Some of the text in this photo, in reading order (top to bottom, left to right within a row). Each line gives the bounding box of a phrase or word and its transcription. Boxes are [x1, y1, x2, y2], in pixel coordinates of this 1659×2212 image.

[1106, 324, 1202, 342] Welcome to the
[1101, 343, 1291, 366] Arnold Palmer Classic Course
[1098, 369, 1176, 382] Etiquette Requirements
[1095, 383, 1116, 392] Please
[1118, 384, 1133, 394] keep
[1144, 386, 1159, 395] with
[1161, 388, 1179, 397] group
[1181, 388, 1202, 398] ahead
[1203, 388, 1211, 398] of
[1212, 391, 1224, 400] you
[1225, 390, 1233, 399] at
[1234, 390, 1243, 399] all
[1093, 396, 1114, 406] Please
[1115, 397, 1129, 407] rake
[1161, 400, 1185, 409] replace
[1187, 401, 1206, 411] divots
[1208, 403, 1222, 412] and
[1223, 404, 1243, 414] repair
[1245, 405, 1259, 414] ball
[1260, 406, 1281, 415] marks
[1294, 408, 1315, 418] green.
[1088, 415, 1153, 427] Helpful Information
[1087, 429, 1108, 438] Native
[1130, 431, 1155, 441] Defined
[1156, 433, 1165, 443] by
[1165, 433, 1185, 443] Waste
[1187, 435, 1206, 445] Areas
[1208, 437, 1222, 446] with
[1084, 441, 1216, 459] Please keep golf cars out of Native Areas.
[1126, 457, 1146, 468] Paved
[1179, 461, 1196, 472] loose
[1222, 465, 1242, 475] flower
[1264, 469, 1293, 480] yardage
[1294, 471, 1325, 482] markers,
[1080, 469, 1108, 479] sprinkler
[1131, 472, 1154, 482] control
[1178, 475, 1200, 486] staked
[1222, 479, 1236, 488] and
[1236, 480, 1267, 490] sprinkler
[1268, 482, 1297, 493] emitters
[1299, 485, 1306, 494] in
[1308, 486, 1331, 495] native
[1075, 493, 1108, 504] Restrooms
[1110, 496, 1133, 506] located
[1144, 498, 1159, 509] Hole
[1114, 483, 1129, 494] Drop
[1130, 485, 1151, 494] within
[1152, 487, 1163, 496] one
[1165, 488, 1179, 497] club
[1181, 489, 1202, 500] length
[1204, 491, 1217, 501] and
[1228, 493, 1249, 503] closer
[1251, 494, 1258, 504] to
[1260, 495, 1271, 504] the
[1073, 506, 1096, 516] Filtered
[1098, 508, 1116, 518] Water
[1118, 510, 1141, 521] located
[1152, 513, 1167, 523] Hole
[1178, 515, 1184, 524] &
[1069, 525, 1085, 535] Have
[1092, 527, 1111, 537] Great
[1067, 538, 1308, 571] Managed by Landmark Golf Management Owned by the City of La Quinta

+ + + +

» **Problem requirements**:
Retype the material exactly, including every line.

» **Task result**:
Some of the text in this photo, in reading order (top to bottom, left to right within a row). Each line gives the bounding box of a phrase or word and its transcription. Boxes are [x1, y1, x2, y2], in pixel coordinates of this 1659×2212 image.

[1106, 324, 1202, 342] Welcome to the
[1101, 343, 1291, 366] Arnold Palmer Classic Course
[1098, 369, 1176, 382] Etiquette Requirements
[1095, 383, 1116, 392] Please
[1118, 384, 1133, 394] keep
[1144, 386, 1159, 395] with
[1161, 388, 1179, 397] group
[1181, 388, 1202, 398] ahead
[1203, 388, 1211, 398] of
[1212, 391, 1224, 400] you
[1225, 390, 1233, 399] at
[1234, 390, 1243, 399] all
[1093, 396, 1114, 406] Please
[1115, 397, 1129, 407] rake
[1161, 400, 1185, 409] replace
[1187, 401, 1206, 411] divots
[1208, 403, 1222, 412] and
[1223, 404, 1243, 414] repair
[1245, 405, 1259, 414] ball
[1260, 406, 1281, 415] marks
[1294, 408, 1315, 418] green.
[1088, 415, 1153, 427] Helpful Information
[1087, 429, 1108, 438] Native
[1130, 431, 1155, 441] Defined
[1156, 433, 1165, 443] by
[1165, 433, 1185, 443] Waste
[1187, 435, 1206, 445] Areas
[1208, 437, 1222, 446] with
[1084, 441, 1216, 459] Please keep golf cars out of Native Areas.
[1126, 457, 1146, 468] Paved
[1179, 461, 1196, 472] loose
[1222, 465, 1242, 475] flower
[1264, 469, 1293, 480] yardage
[1294, 471, 1325, 482] markers,
[1080, 469, 1108, 479] sprinkler
[1131, 472, 1154, 482] control
[1178, 475, 1200, 486] staked
[1222, 479, 1236, 488] and
[1236, 480, 1267, 490] sprinkler
[1268, 482, 1297, 493] emitters
[1299, 485, 1306, 494] in
[1308, 486, 1331, 495] native
[1075, 493, 1108, 504] Restrooms
[1110, 496, 1133, 506] located
[1144, 498, 1159, 509] Hole
[1114, 483, 1129, 494] Drop
[1130, 485, 1151, 494] within
[1152, 487, 1163, 496] one
[1165, 488, 1179, 497] club
[1181, 489, 1202, 500] length
[1204, 491, 1217, 501] and
[1228, 493, 1249, 503] closer
[1251, 494, 1258, 504] to
[1260, 495, 1271, 504] the
[1073, 506, 1096, 516] Filtered
[1098, 508, 1116, 518] Water
[1118, 510, 1141, 521] located
[1152, 513, 1167, 523] Hole
[1178, 515, 1184, 524] &
[1069, 525, 1085, 535] Have
[1092, 527, 1111, 537] Great
[1067, 538, 1308, 571] Managed by Landmark Golf Management Owned by the City of La Quinta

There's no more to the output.